4.3. Treatment, Prevention, and Monitoring

COVID-19-related VAs in acute settings should be treated with intravenous amiodarone (American College of Cardiology/American Heart Association–Class of Recommendation 1 and Level of Evidence A). For cases of new malignant VAs unrelated to QT prolongation, imaging via transthoracic echocardiography is warranted to assess ventricular function. Cardiac magnetic resonance imaging should also be considered for myocardial involvement. According to European Society of Cardiology guidelines, intravenous lidocaine is a less effective alternative to amiodarone but may be used, especially if underlying ischemia is suspected (Figure 5) [41]. Temporary pacemaker implantation for overdrive termination or antitachycardia pacing is an option for emergency cases. Following recovery from acute SARS-CoV-2 infection, the need for prevention with either catheter ablation or ICD implantation for secondary prophylaxis should be considered [41]. Additionally, a personalized approach for ICD programming is required to balance unnecessary ICD shocks vs. detecting potential life-threatening VAs.

The general consensus among experts is that patients who developed overt cardiac disease should be closely monitored and reassessed during the acute phase of the SARS-CoV-2 infection.

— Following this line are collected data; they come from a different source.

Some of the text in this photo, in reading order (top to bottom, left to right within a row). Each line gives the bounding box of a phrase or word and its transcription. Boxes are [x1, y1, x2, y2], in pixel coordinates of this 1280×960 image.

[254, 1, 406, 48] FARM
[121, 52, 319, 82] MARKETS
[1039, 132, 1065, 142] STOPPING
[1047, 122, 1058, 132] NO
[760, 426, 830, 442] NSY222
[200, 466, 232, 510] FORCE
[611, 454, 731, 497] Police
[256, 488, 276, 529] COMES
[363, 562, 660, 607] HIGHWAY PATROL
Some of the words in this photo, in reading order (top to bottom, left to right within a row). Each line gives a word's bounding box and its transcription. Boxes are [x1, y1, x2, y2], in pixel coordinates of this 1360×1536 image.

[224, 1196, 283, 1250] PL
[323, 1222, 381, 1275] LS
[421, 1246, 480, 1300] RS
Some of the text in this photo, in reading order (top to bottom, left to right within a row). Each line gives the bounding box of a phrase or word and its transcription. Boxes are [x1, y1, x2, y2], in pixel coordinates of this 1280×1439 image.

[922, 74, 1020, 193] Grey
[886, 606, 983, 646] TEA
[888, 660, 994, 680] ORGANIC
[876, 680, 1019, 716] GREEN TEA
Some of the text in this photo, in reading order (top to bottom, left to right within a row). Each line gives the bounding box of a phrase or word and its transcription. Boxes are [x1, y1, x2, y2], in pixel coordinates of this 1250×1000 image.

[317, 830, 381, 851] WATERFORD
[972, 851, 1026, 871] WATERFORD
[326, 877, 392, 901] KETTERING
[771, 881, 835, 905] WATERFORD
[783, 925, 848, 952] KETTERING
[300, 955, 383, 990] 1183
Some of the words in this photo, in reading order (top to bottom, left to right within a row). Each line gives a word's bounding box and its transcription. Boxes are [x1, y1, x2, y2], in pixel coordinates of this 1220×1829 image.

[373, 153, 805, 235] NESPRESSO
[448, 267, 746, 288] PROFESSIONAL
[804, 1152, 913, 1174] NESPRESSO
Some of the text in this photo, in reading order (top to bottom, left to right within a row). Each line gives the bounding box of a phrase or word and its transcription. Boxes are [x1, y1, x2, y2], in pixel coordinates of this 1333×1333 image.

Risk stratifying patients is important during recovery. Some have proposed that patients at high risk should receive repeat transthoracic echocardiography and an electrocardiogram 2–6 months after COVID-19 diagnosis [42]. Additional testing, including Holter monitoring, stress testing, and cardiac magnetic resonance imaging, can be considered in some cases to guide return to normal activity or aerobic exercise, including competitive sports.

5. Study Limitations

This study has several limitations. First, given the observational nature of the study, the association between ICD shocks for COVID-19 induced VT/VF storm cannot be interpreted as causal. Second, in patients with a history of arrhythmias, numerous factors other than COVID-19 may play a role in ICD shocks. Finally, this cohort of ICD patients is a unique patient population with large numbers of comorbidities that may not be representative of the general population and hence reduces generalizability of these findings.

6. Conclusions

We presented 2 cases of COVID-19-associated VT/VF storm in patients who had multiple ICD shocks delivered. The mechanisms of electrical storm in COVID-19 can be attributed to multiple mechanisms as detailed above. Other than previously published isolated case reports, this is the first case-series study that details the possible mechanisms, risks, and complications of VT/VF storm as a complication of COVID-19. The true burden of electrical storm in COVID-19 may not be fully appreciated due to the incomplete understanding of virus-induced injury to the myocardial conduction system and a large proportion of out-of-hospital mortality. Future investigations of COVID-19-related malignant ventricular arrhythmias are needed to risk-stratify and adopt an effective long-term monitoring and treatment plan in this population.

Due to the retrospective nature of the study, institutional review board of the University of Cincinnati waived the need for informed consent in both cases.

Conflicts of Interest

The authors have no competing interests to declare.